TINTIN is coming this Christmas! Did you remember? The Steven Spielberg-directed, Peter Jackson-produced film — shrouded in veils of mystery for the most part — has just released its first trailer, and from the looks of it, it’s fitting right into the Holiday Uncanny Valley Mocap Vacation slot that Robert Zemeckis was dragged from kicking and screaming.

A couple of posters were also released.




It’s not that we don’t want this to succeed. TINTIN stars Jamie Bell as Tintin, Daniel Craig as villain Red Rackham, Andy Serkis as Captain Haddock, and Simon Pegg as the Thompson twins. The entire film was shot in mocap, then turned into animation, which Jackson is allegedly fine-tuning. The script is by Edgar Wright (SCOTT PILGRIM), Steven Moffat (Dr. Who) and Paul Cornish, another member in fine standing of the Brit Comedy Mafia. So good people all around.
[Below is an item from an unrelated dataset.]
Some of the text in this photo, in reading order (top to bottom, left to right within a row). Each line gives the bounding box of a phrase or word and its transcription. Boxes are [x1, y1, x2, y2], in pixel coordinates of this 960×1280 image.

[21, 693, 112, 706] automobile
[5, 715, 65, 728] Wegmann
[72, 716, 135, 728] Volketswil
But this kind of mocap CGI (in 3D!) has had a spotty history, with this spring’s MARS NEEDS MOMS from Zemeckis flopping so horrifically that it impacted Disney’s quarterly profits. People like extreme CGI people in video games when they re blowing them up, but feel more uneasy in movie theaters.

The look at Tintin’s face at the end of the trailer is the first time we’ve seen it in promos — perhaps because the idea of a humanoid Tintin is a bit of a shock. Or as editor Nate Cosby tweeted this morning

Dangit. Can you IMAGINE how excited everyone would be if Spielberg had done a live-action Tintin?

Obviously the filmmaking duo love Tintin, however, and the film is sure to do well overseas where Tintin is the equivalent of Scooby-Doo.


  1. It could be because you’re from the country where Tntin is least popular, but I don’t think it’s in any way “equivalent” to Scoony Doo. Tintin is far more popular and culturally significant than that.

  2. Want to love this… been a fan since I was 5… but I am not encouraged by the way they are hiding almost every face. I mean, Herge’s clean line drawings convey more emotion than these facial expressions. Hopefully that’s what they are fixing.

  3. i think it looked pretty good. they colors look pretty darn close, just wish it was all done in medium shot.

  4. It’s a teaser, everyone. They’re hiding faces and focusing on obscure action at this point to raise interest in the spectacle and create mystery about the characters.

    I thought it looked fantastic; I love Herge’s books, and I’ve got them all. And I’ll still have them when the movie’s out and over and done with. So to me, to see two of popular filmmaking’s biggest directors working on a cool feature? That’s icing on the cake.

    Plus, Edgar Wright!

  5. Cameron: I know that Tintin is not “like” Scooby-Doo. But I was trying to get across how pervasive and well known it is in the Franco-phile/Euro Comics world.

    IN other words, I was trying to SHOCK awareness! SHESHIN!

  6. Er… I’d say Tintin’s more the equivalent of – er- Shakespeare.

    Cameron’s right: to the rest of the world (i.e. not the US), Tintin is WAY bigger than Scooby Doo has ever been anywhere. I was going to compare it to Mickey Mouse, but that’s not right either, because in addition to universal recognition, Tintin also has a much higher level of genuine respect and devotion than the ubiquitous mouse.

  7. Pretty neat teaser trailer, I think.

    I also think the Uncanny Valley is annoyingly trendy to bring up and nowadays doesn’t much bother people.

  8. Given the fact that the eyes in the polar express’ characters had this creepy soulless quality to them which this trailer doesn’t have, I wouldn’t go as far as saying it goes into that territory.

    I wish the soundtrack had at least a variation of the animated series’ theme, which I always thought had a very elegant quality to it.

  9. @Dave Down here in Colombia I saw it when I was 9 (About 1994), So I would say that yes, it ran during the early 90s.

  10. The fact that they’re focusing exclusively on non-facial shots (except for one carefully-chosen one) does worry me a bit. It suggests either a lack of confidence in the results of the technology, or a a fear of it being thought of as “a motion-capture film”.

  11. None of the quick shots of humans in the trailer looked good at all. But I’ll save judgment until I can see more.

    Everything else looks great, but I’m reminded of the old adage that if you put a teaspoon of wine in a barrel of sewage, you have sewage. And if you put a teaspoon of sewage in a barrel of wine, you still have sewage. Which is to say, great lighting, sets, art direction and script can never overcome bad character animation.

    And sadly another thing I’m reminded of is Rami’s first Spider-Man movie. For that one I saw the trailers and the Spidey animation of swinging and especially jumping looked gawdawful. And sure enough, when the actual movie came out… it still looked gawdawful. Hoping this movie escapes that fate!

  12. As a 3d artist, I feel the uncanny valley has been a convenient scapegoat for when these types of movies crash at the box office. Many of them flop because they suck, frankly. This trailer, however, has convinced me to purchase a ticket on the weekend of its release.